Начать хочется с фразы, произ­но­симой Леонидом Володарским: «Двадцатый Век Фокс представляет… художест­вен­ный фильм…». Ну и здесь что-то такое, ради чего стоит провести время перед экраном, возможно, рядом с видеомагнитофоном.

А у нас всё проще и интереснее: Журнал «Коллекция» представляет Леонида Володарского. Небольшой разговор с Леонидом Вениаминовичем обо всём за чашкой чая. Немного сбиваемся в сторону, кое-что опускаем и не печатаем, но, надеемся, будет интересно. Читая ответы, многие будут слышать его неповторимый голос и интонацию.

Алексей Сидельников
Главный редактор журнала "Коллекция"
Леонид Володарский
Леонид Володарский


О кино

А.С.: Леонид, у Вас же интервью брали много раз. А в чём суть этих интервью? Поднять статус?

Л.В.: Ну не знаю! Я им говорю: «Что вы у меня ещё можете спросить из того, что у меня уже не спрашивали?» Я не отвечаю на вопросы про прищепку на носу, сколько я перевёл фильмов и т.д., и т.д., и т.д. Но вот поговорить про кино — это да, мне интересно. Но когда люди пытаются поговорить про кино, то выясняется, что они ничего не видели — с ними не о чем говорить.

А.С.: Тогда про кино и детство. Вы разделяете кино на отечественное и зарубежное?

Л.В.: На хорошее и плохое. Всегда. Как у Булгакова, когда кот и Коровьев пришли в Торгсин, а там гражданин притворяется иностранцем: «Кароши люблю, плохой — нет, — сурово говорил иностранец». Но сейчас я практически не знаю людей, кто много знает о кино. Вот был Кирилл Разлогов. Титан! Он никогда не проявлял никакого снобизма. Ему одинаково нравился что Висконти, что индонезийский фильм «Рейд». Мы с ним говорили, — как-то он ко мне приходил, — разговаривал о кино, и я спросил, как ему нравится «Рейд». Он тут же ответил, что нравится, хорошо сделанная картина.
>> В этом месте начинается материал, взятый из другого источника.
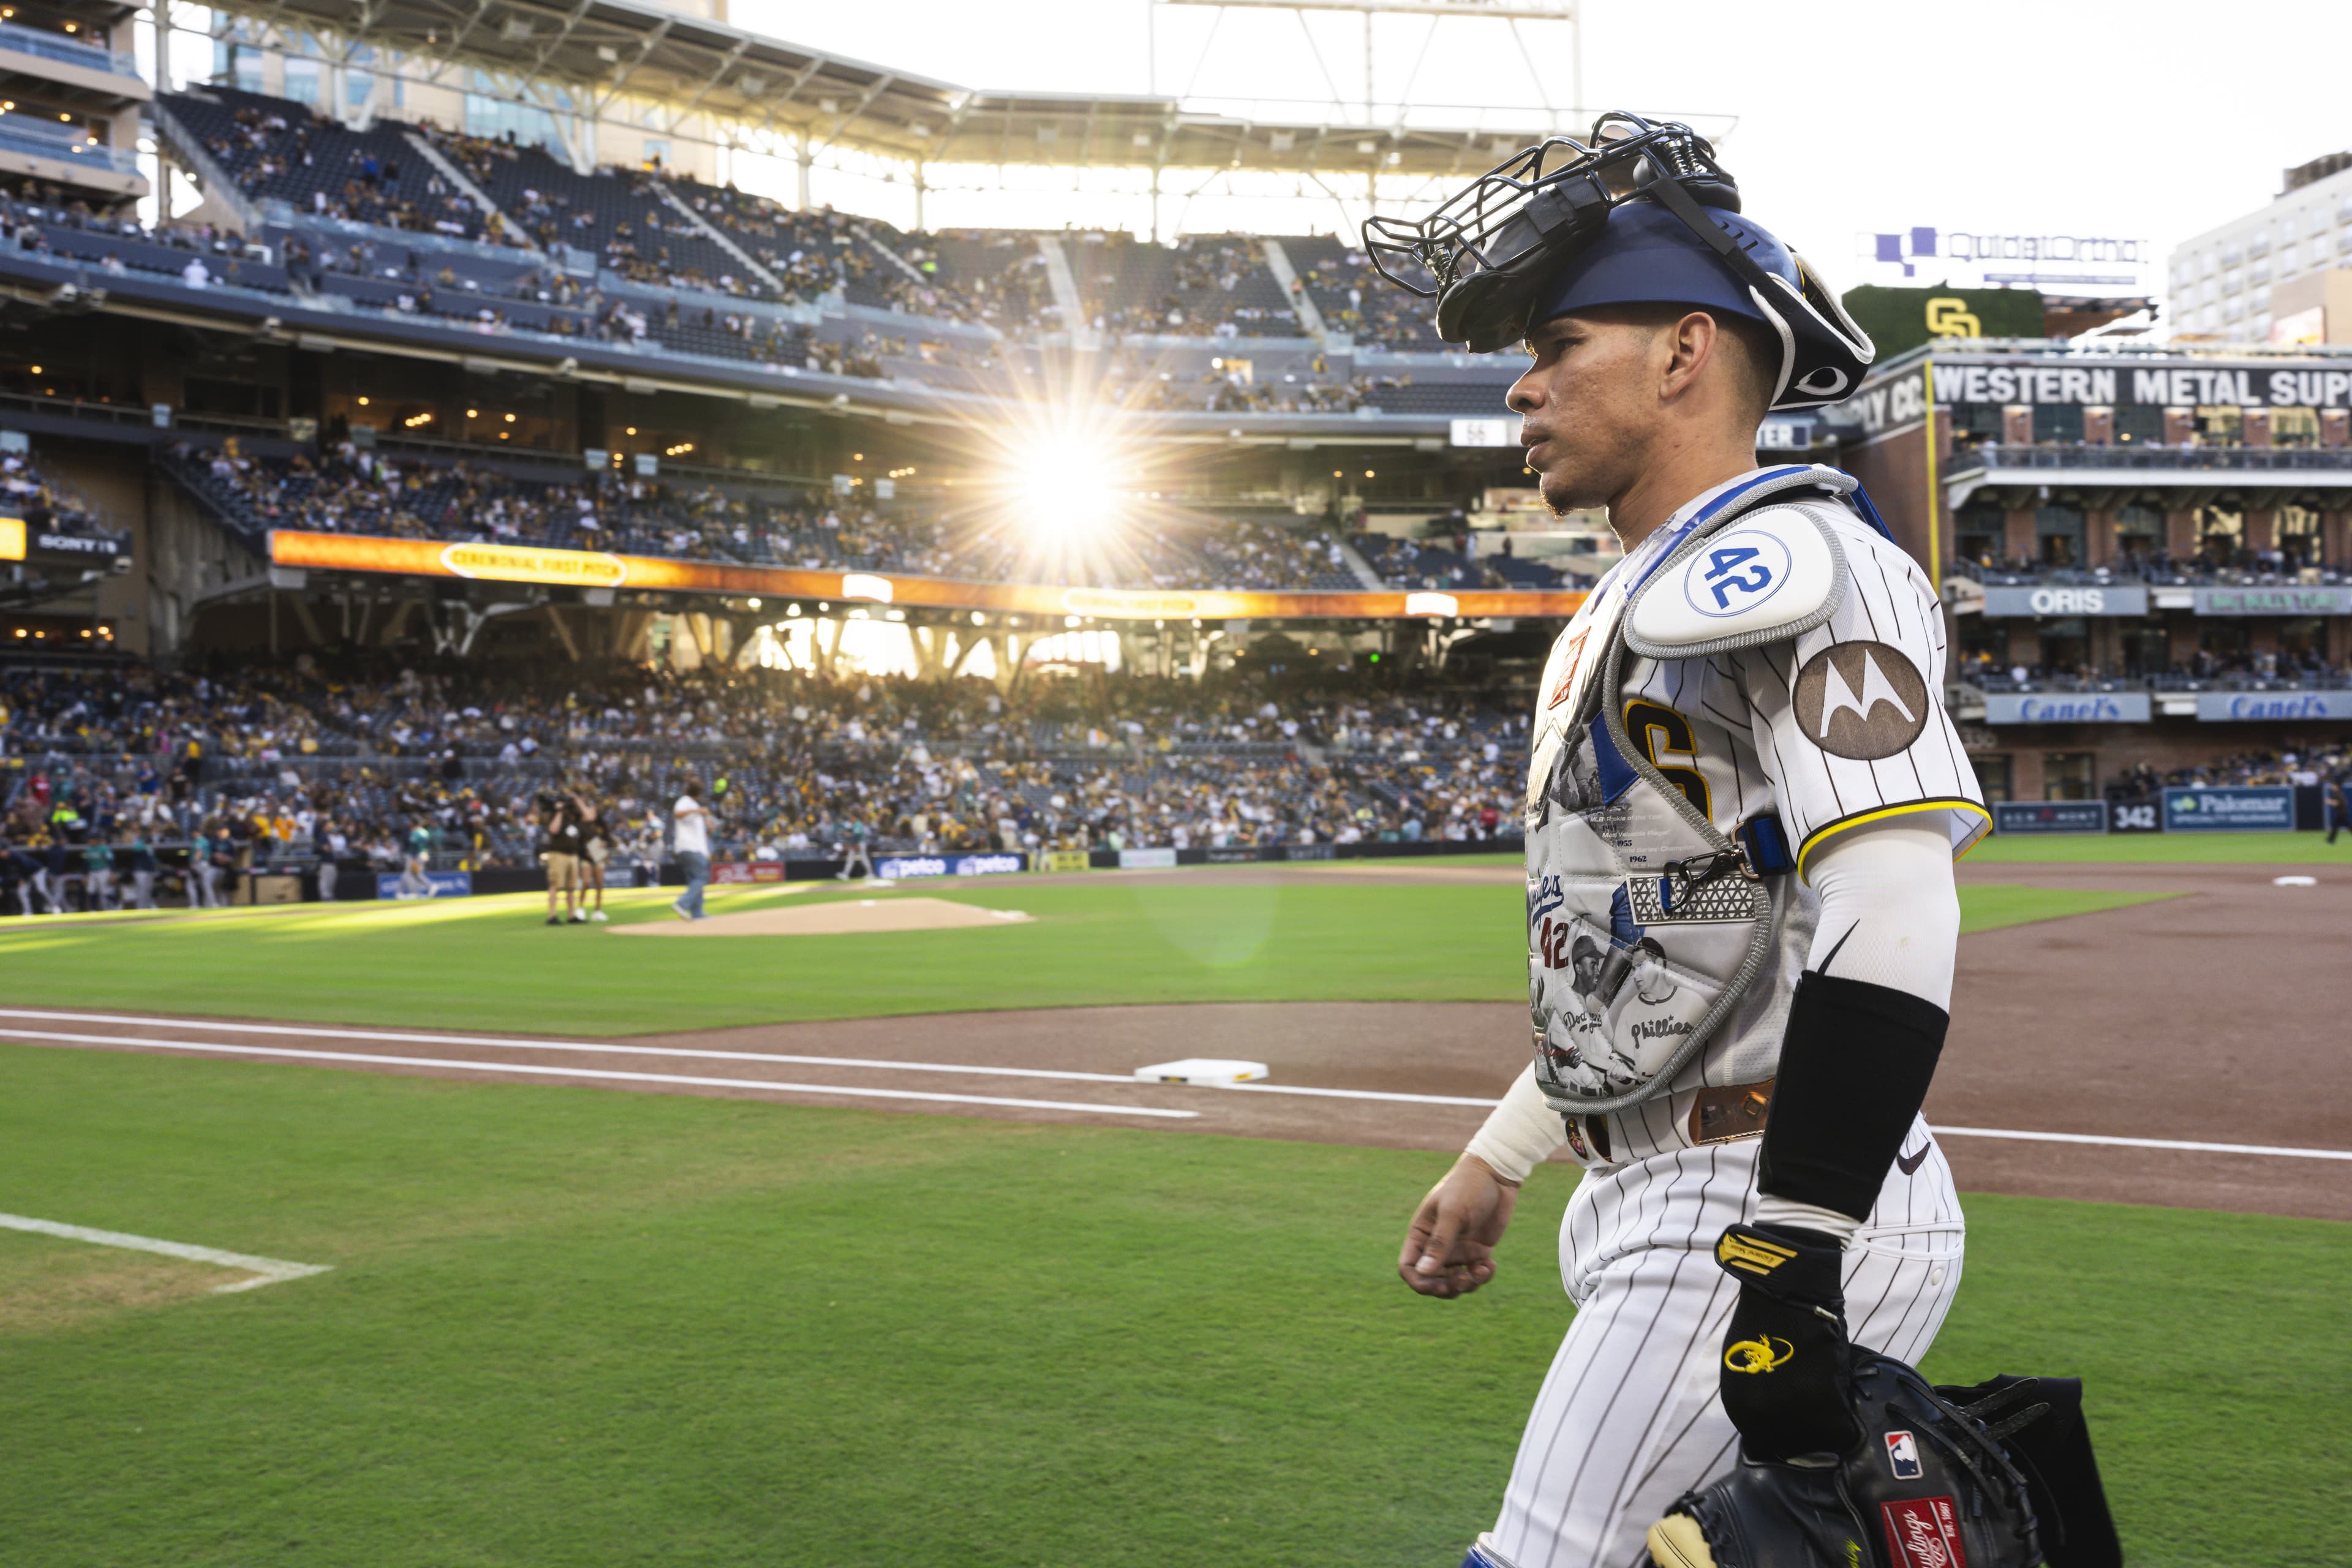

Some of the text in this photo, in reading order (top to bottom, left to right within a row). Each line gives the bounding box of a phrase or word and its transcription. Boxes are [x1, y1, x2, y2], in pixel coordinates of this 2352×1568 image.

[1932, 366, 2352, 407] WESTERN METAL SUP
[1705, 548, 1772, 609] 42
[2031, 589, 2104, 612] ORIS
[2021, 698, 2120, 721] Canel's
[2231, 696, 2327, 720] Canel's
[2199, 794, 2286, 813] Palomar
[2115, 805, 2155, 828] 342
[900, 854, 1020, 877] petco petco
[1540, 916, 1570, 970] 42
Никакого снобизма: что вы там смотрите и т.д., и т.д. Единственное, мы с ним разошлись по Тарантино: я сказал, что это неуч и шарлатан, а он считал совершенно по-другому. Ну он же ничего не сделал! Вот сцена такая-то, а он взял её у Серджо Леоне. У Серджо Леоне она идёт три минуты, и тебя ужас пробирает, а у него всё это идёт пятнадцать минут, и вот мажет её как масло на хлеб. Неинтересно. Но вкус у Кирилла был отменный.

А.С.: И передачи у Разлогова были затягивающие.
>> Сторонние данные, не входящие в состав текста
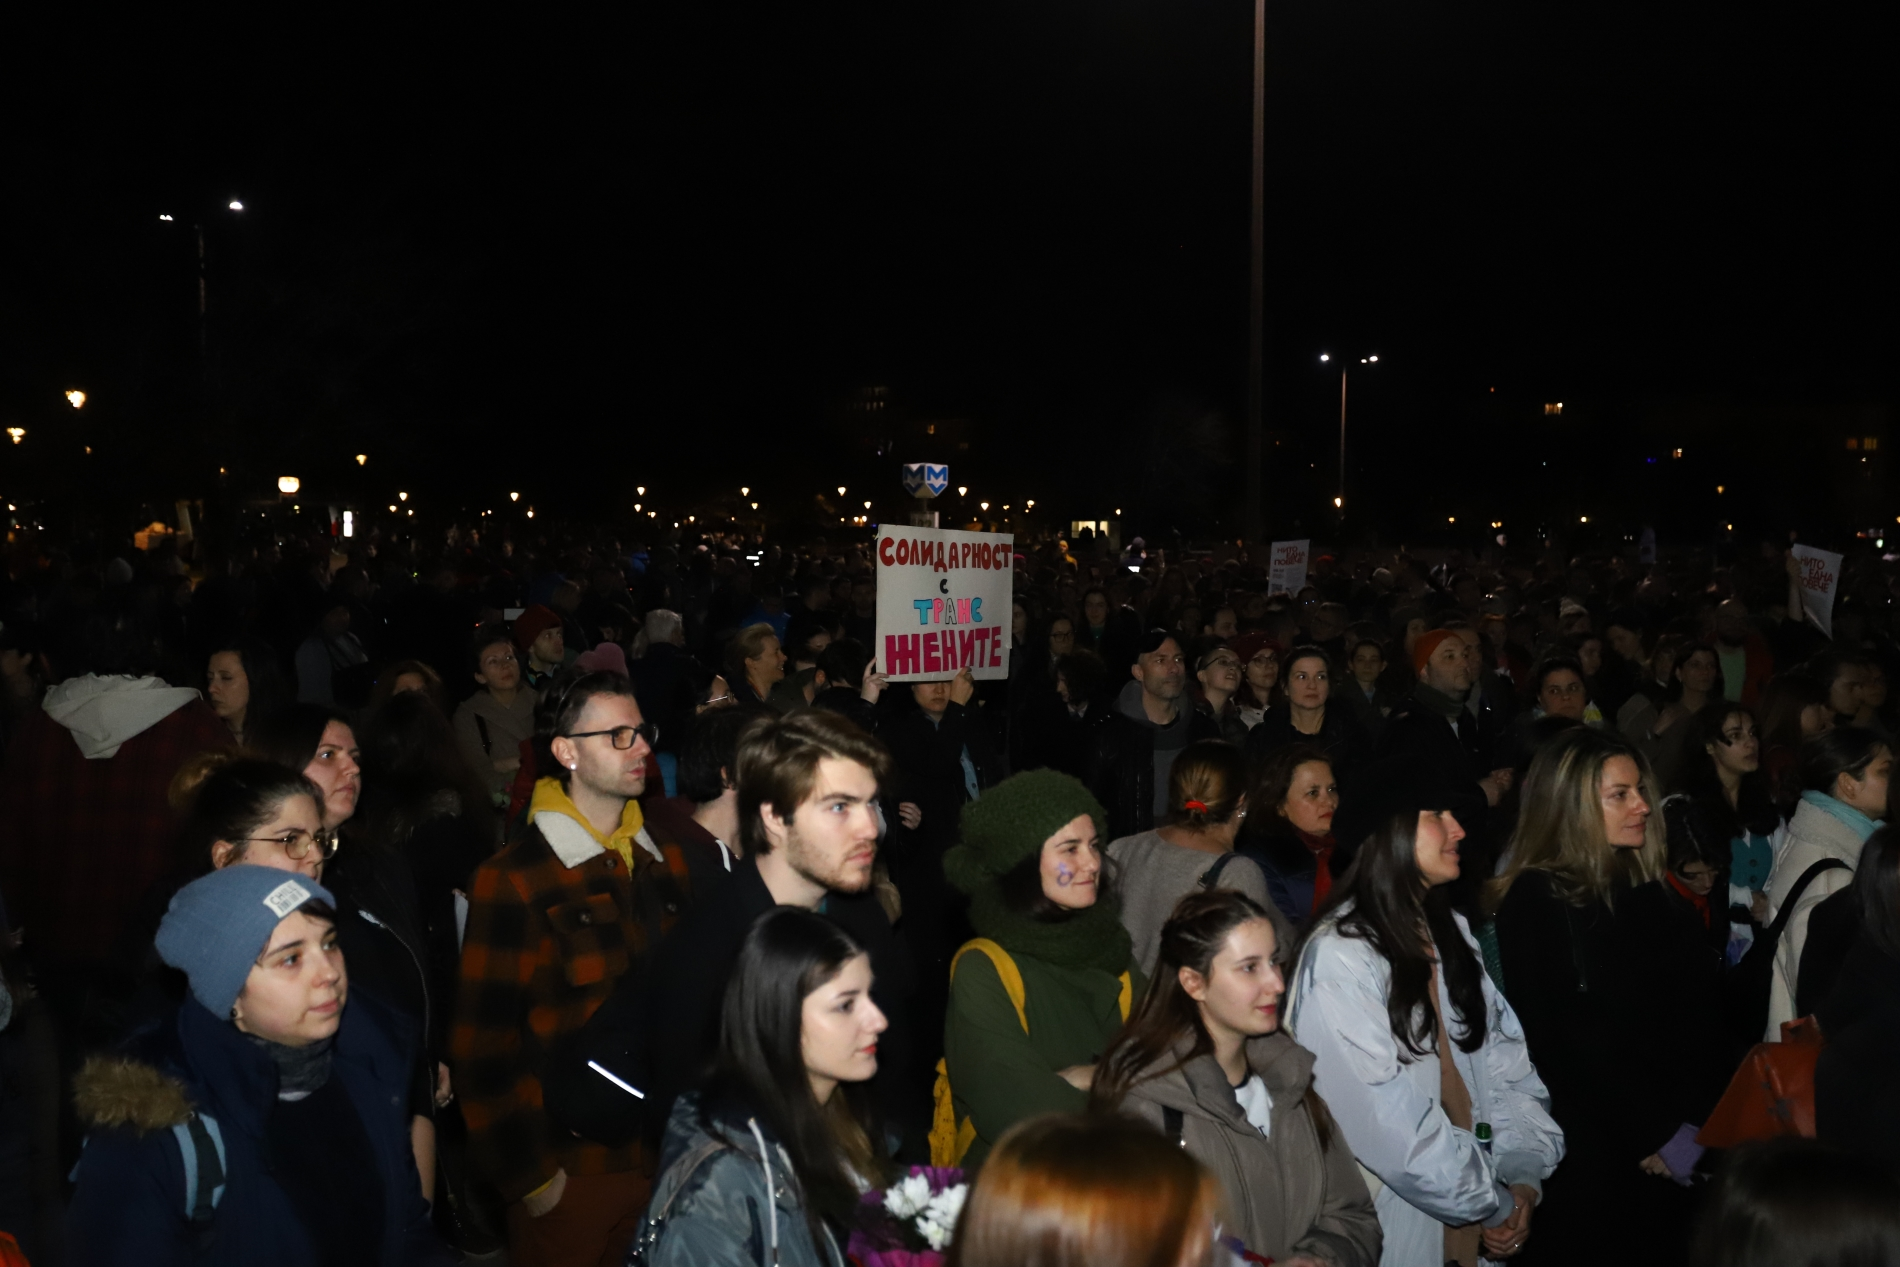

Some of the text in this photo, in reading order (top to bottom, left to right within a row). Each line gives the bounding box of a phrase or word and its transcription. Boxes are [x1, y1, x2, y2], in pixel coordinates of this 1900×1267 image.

[879, 537, 1012, 572] СОЛИДАРНОСТ
[1800, 556, 1825, 570] НИТО
[1809, 568, 1833, 583] ЕДНА
[913, 597, 983, 625] ТРАНС
[885, 626, 1002, 675] ЖЕНИТЕ
Л.В.: Да, у него была энергетика. Потому что очень часто смотришь на какого-то человека, а так скучно, неинтересно. Ни в малейшей степени.

А.С.: Немного напоминает Капицу: услышишь голос и интересно.

Л.В.: По большей части это было популяризаторство. Это талант, который не у всех есть — просто рассказать о сложных вещах. Вот у меня есть один знакомый, который, как я считаю, зарыл свой талант. Надо было потерпеть какое-то время. А он не захотел. Он решил стать писателем. Пишет и пишет. Прочёл один рассказ, прочёл другой — а больше не хочу, одно и тоже.

А.С.: Это детективы?

Л.В.: Детективы — моя слабость. Много я их прочёл на разных языках. А сейчас и сюжет плохо построен, дырки, узелки не подвязаны. Люди разучились писать, они не хотят писать. Вот у меня тройка людей, которые для меня являются тем, что нельзя допускать: это Улицкая, это Дима Быков [признан иностранным агентом], и это Акунин. Простите меня, но это всё одинаково. Дима Быков вообще зря пошёл в писатели: таланта нету никакого. Из него вышел бы хороший преподаватель литературы. Скорее всего. Толстый еврейский мальчик выходит во двор. Ребята играют в футбол и ставят его на ворота. А в ворота встать — бить же по воротам будут, и бить сильно. И вот когда твои сотоварищи по двору видят, что ты ещё и мяча боишься — всё. Я рос в таком же дворе. Не был особо толстым, но все знали, что терпеть он ничего не будет. И слава у меня в школе была. Второгодник-дегенерат, но физически сильный, решил меня мучить. И на втором разе я взял перьевую ручку и воткнул ему в щёку. Родителей в школу вызывали… Не помню подробностей. Это второй-третий класс, наверное. Но пошла молва, что с этим лучше не связываться. А другой случай, я отвинтил крышку от парты и по голове ему наладил. И всё. Всё! Никто меня не трогал. А они боялись выходить во двор. А что было делать в то время? Читать. Они рано начали читать, а во двор они выходили с бабушкой. А по дворовым правилам: если человек со взрослым, то его не трогают. И Паша Лунгин был таким. Москва была маленькая. Вселенная кончалась на Остоженке или Сретенке. Но на Сретенку мы не забредали. Зачем? По морде получить? Вот, этих ребят я знаю хорошо.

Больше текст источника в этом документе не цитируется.